(Beginning of Stored data)
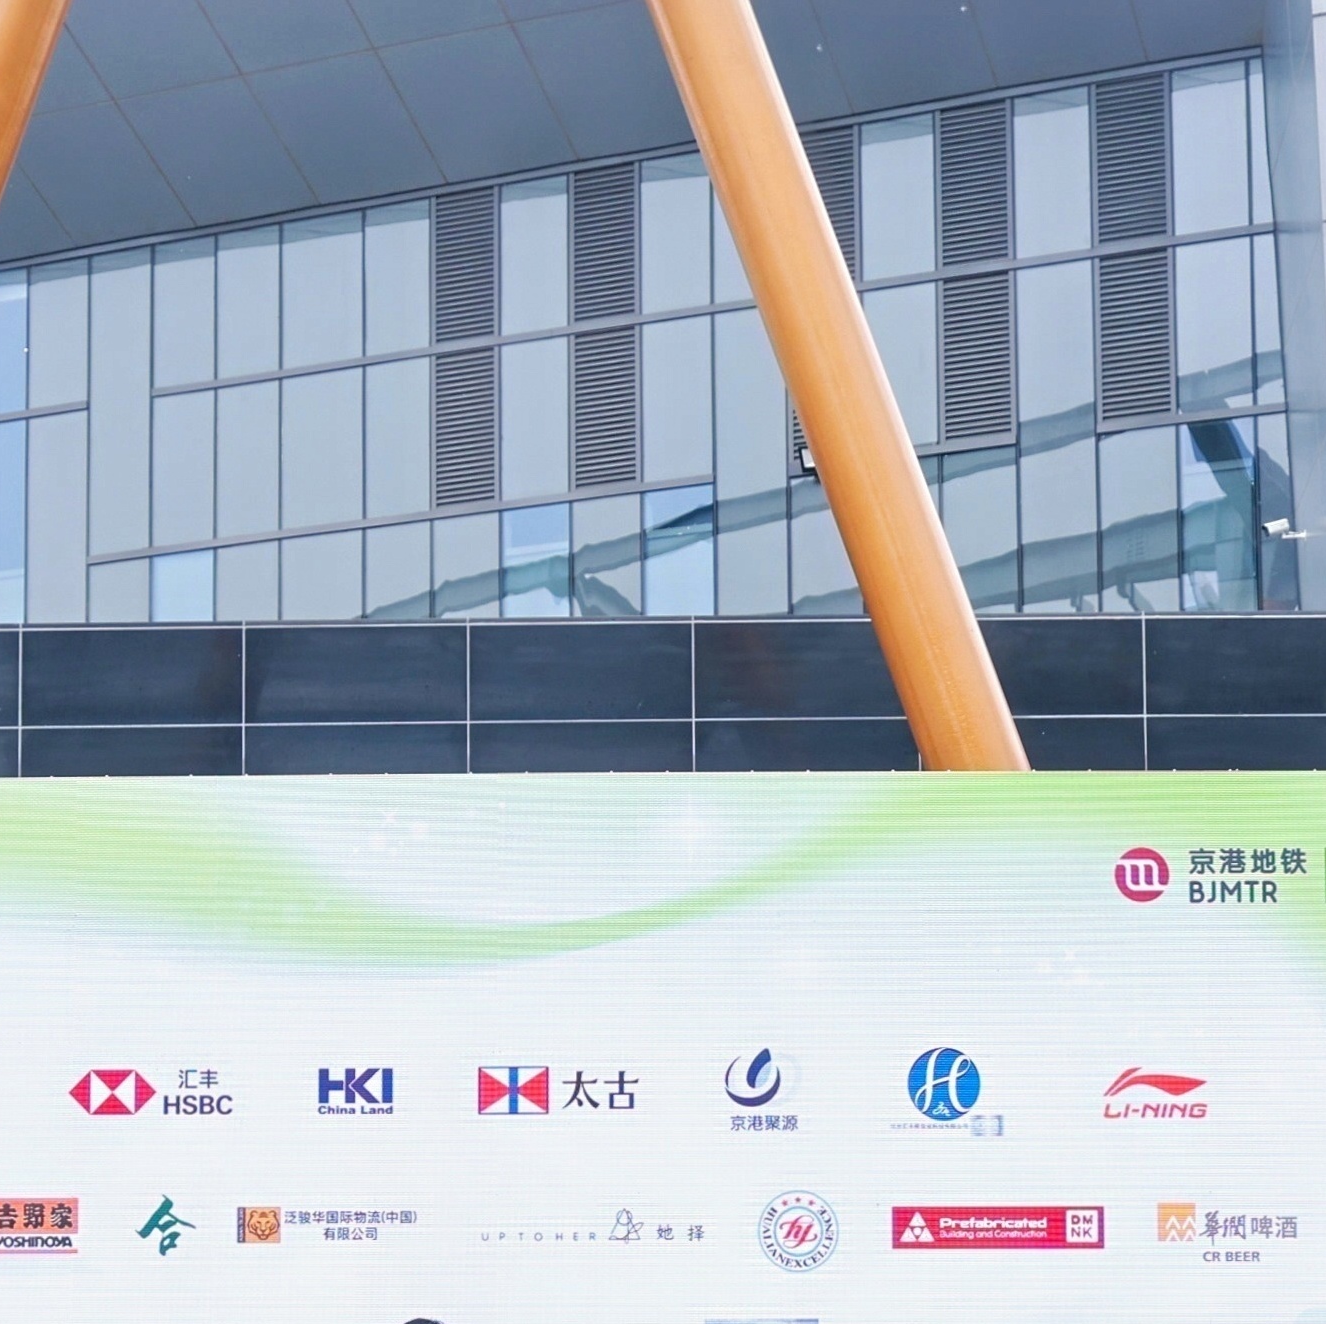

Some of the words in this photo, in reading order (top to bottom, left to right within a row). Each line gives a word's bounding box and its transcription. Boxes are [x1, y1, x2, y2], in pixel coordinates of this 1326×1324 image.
(End of Stored data)
(Beginning of Stored data)
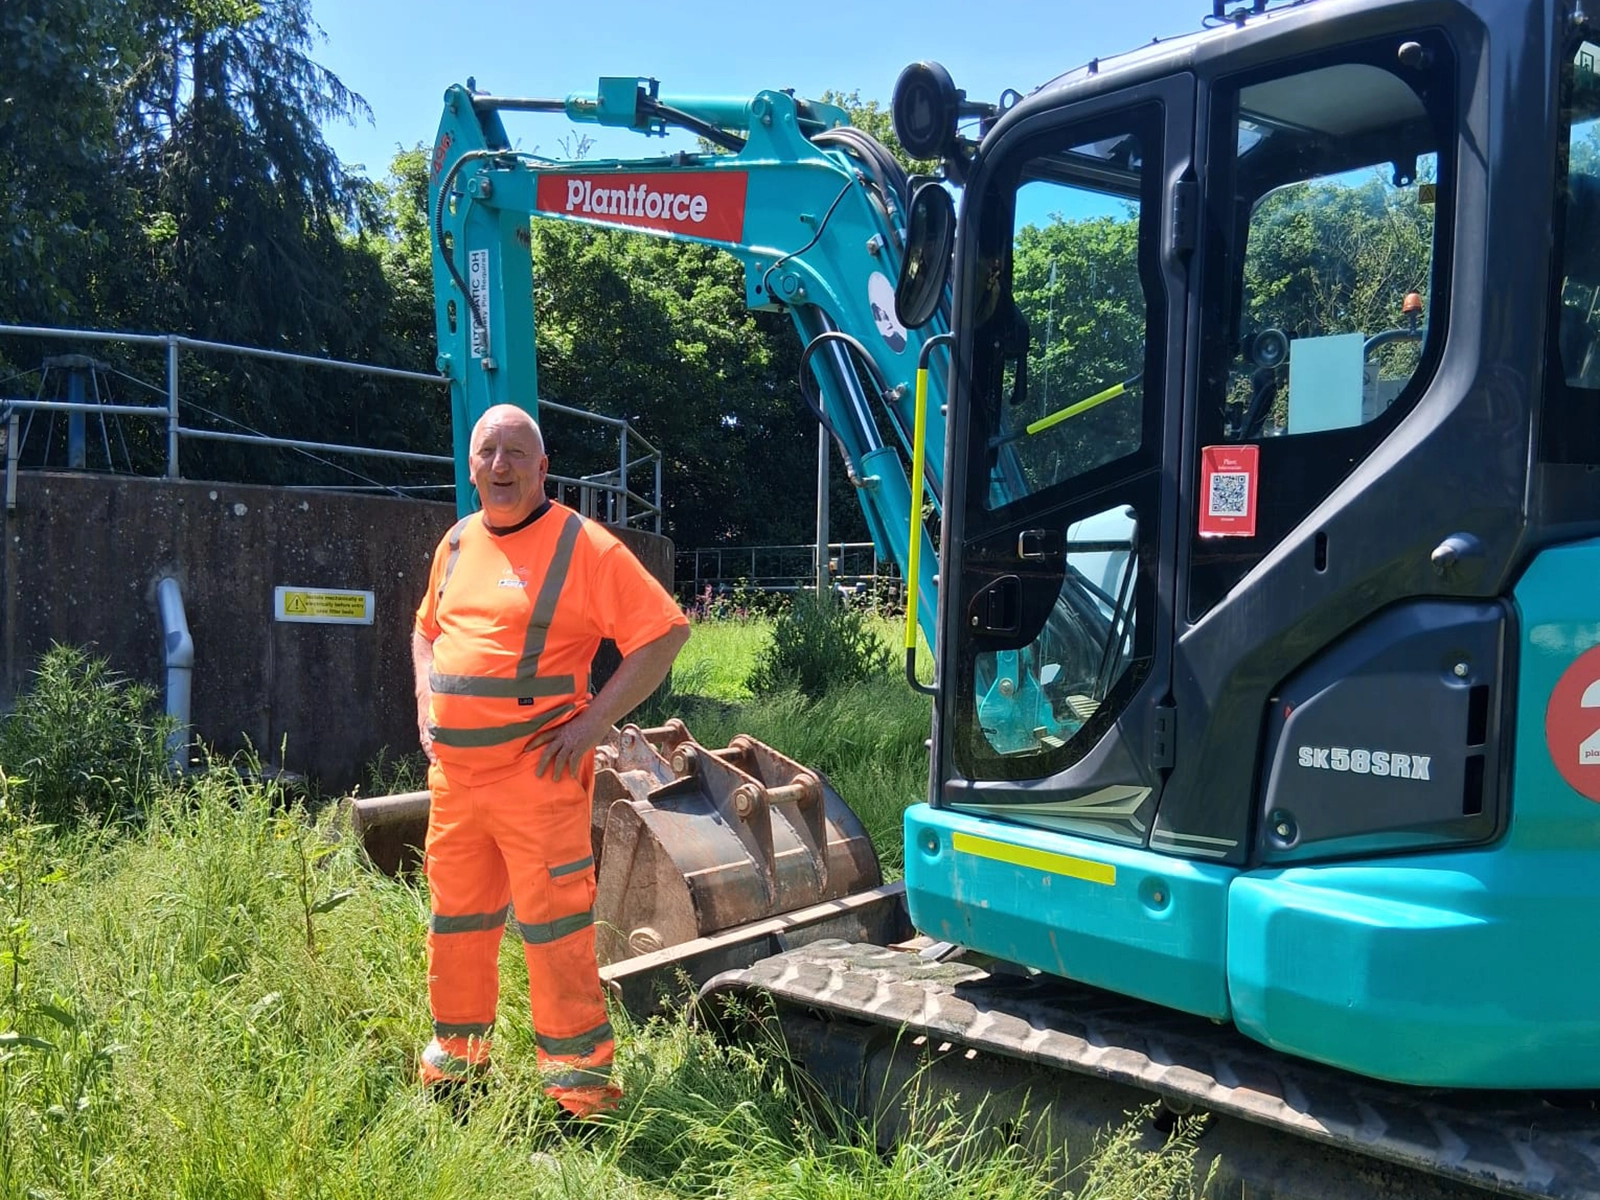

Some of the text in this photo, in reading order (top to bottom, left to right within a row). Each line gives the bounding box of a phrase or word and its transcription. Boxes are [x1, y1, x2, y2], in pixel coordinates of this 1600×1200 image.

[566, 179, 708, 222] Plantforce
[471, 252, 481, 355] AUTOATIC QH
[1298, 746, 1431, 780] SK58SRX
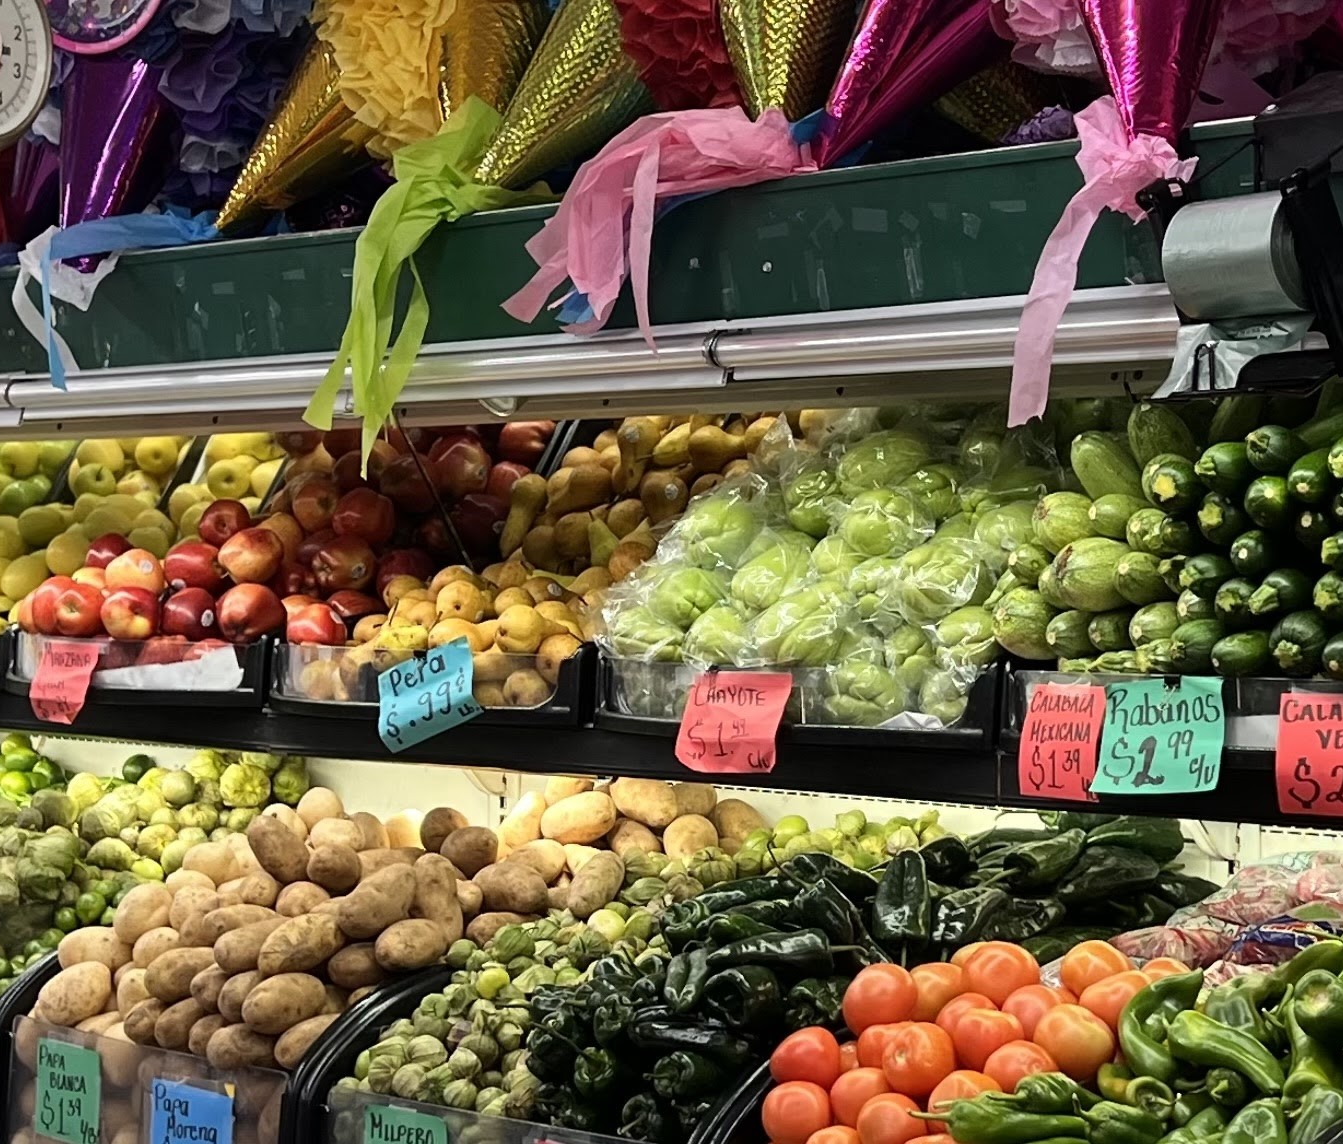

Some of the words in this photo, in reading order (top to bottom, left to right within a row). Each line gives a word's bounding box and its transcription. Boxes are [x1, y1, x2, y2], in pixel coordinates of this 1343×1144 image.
(End of Stored data)
(Beginning of Stored data)
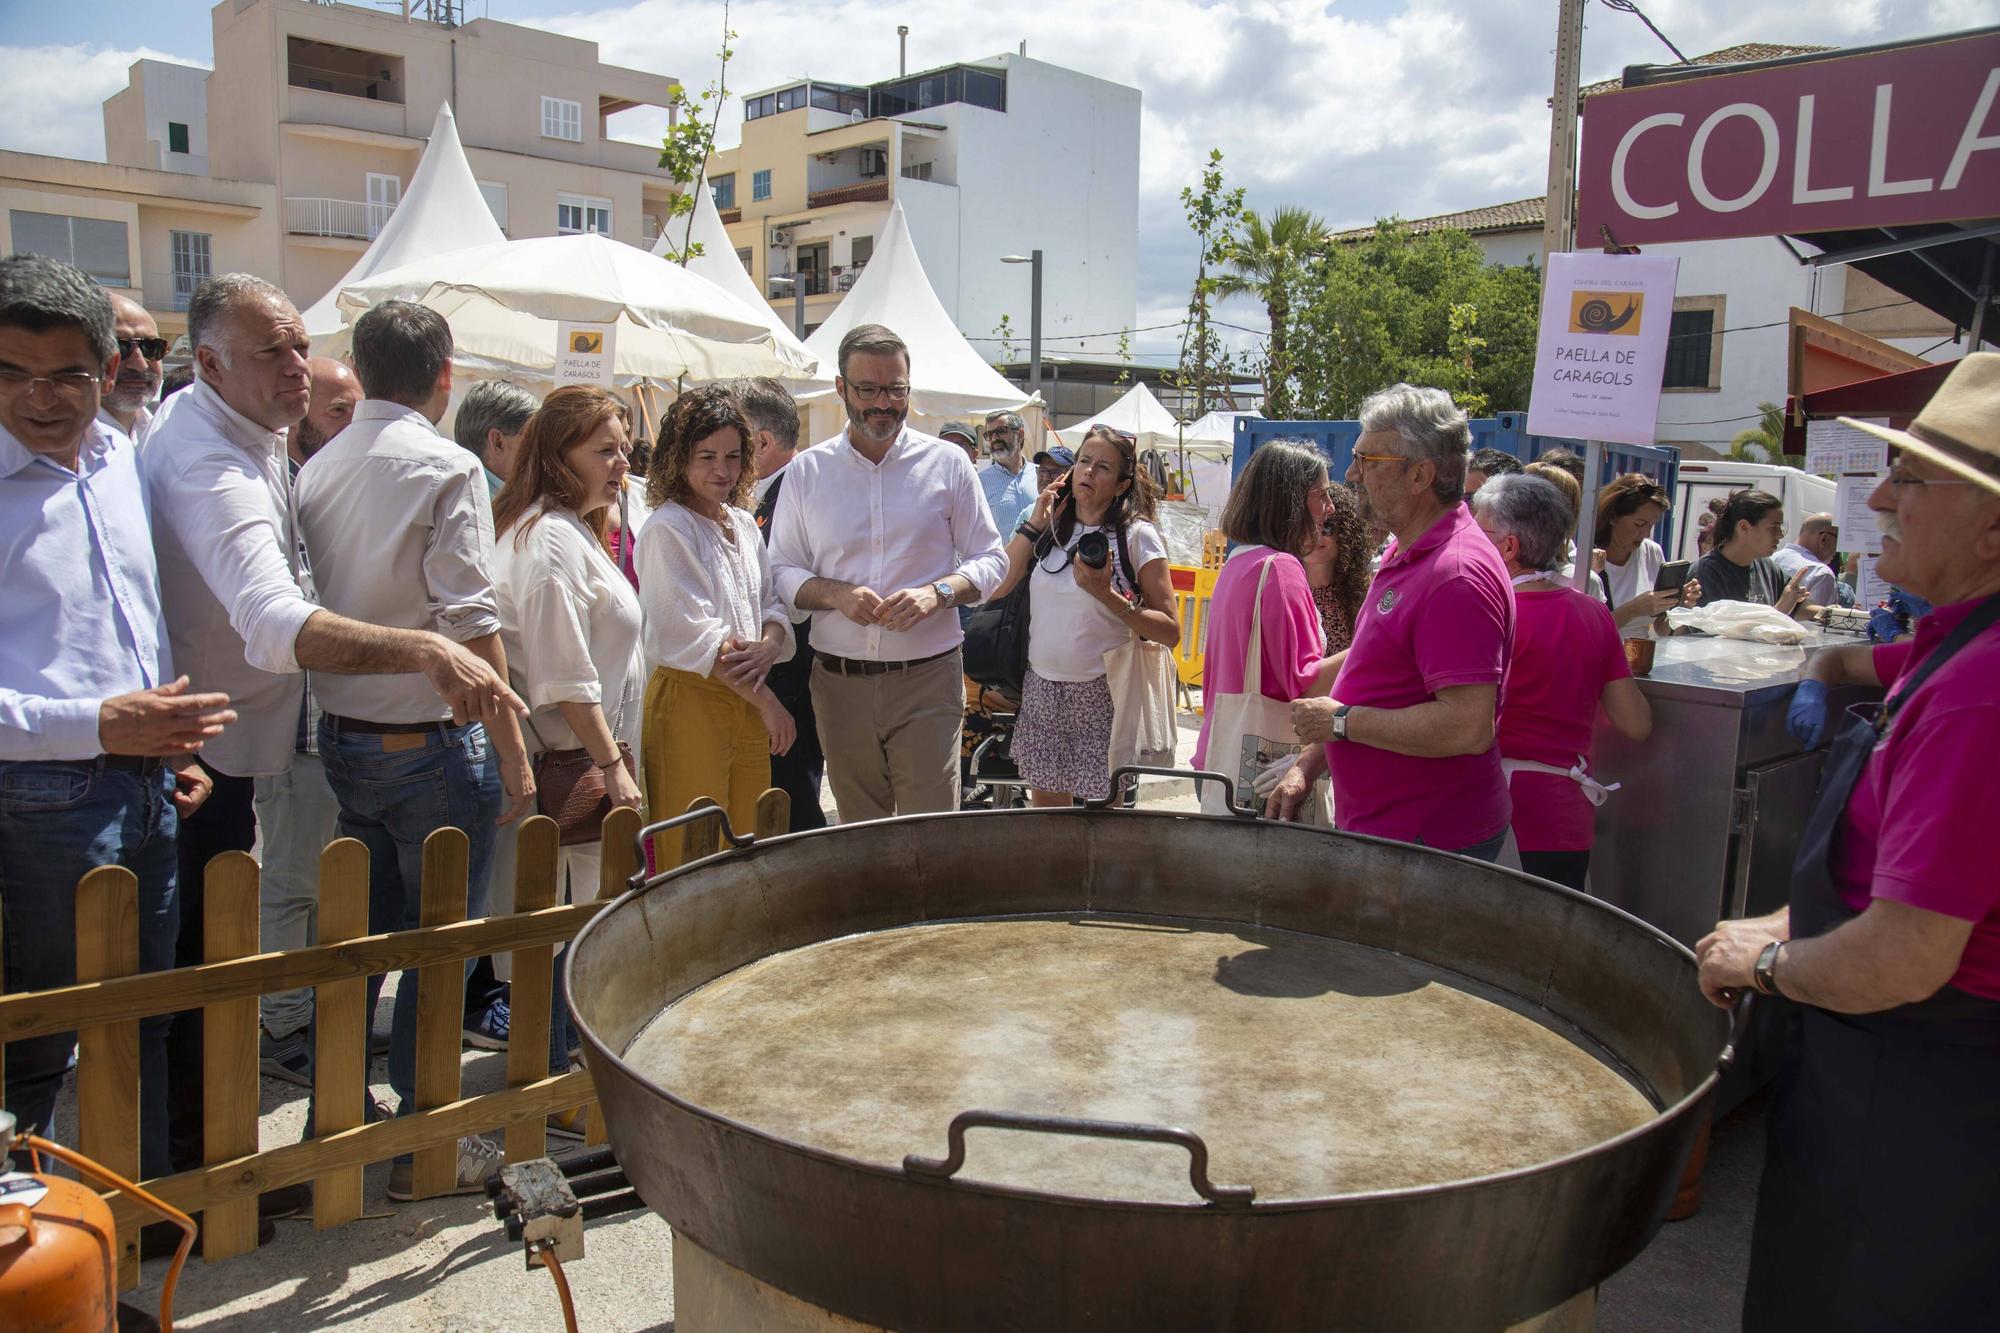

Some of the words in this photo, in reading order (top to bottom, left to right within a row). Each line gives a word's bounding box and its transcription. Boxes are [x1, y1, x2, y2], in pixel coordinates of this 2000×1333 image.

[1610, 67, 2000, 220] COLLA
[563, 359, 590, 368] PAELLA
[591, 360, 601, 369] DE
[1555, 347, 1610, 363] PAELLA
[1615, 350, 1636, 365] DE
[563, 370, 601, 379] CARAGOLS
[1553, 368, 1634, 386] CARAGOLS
(End of Stored data)
» The problem
In the listing above, find the line holding "Some of the text" and the line holding "this 1343×1144 image.". Reproduce those two lines and all between them exactly, leaving out pictures.

» Solution below
Some of the text in this photo, in reading order (top to bottom, left to right within a row). Each line gives the bounding box of a phrase or word and its transcription. Boxes are [x1, y1, x2, y2], in pixel coordinates of this 1600×1200 image.

[566, 179, 708, 222] Plantforce
[471, 252, 481, 355] AUTOATIC QH
[1298, 746, 1431, 780] SK58SRX

Some of the words in this photo, in reading order (top to bottom, left to right within a row). Each line gives a word's bounding box and its transcription. Boxes are [x1, y1, x2, y2], in pixel coordinates of this 1343×1144 image.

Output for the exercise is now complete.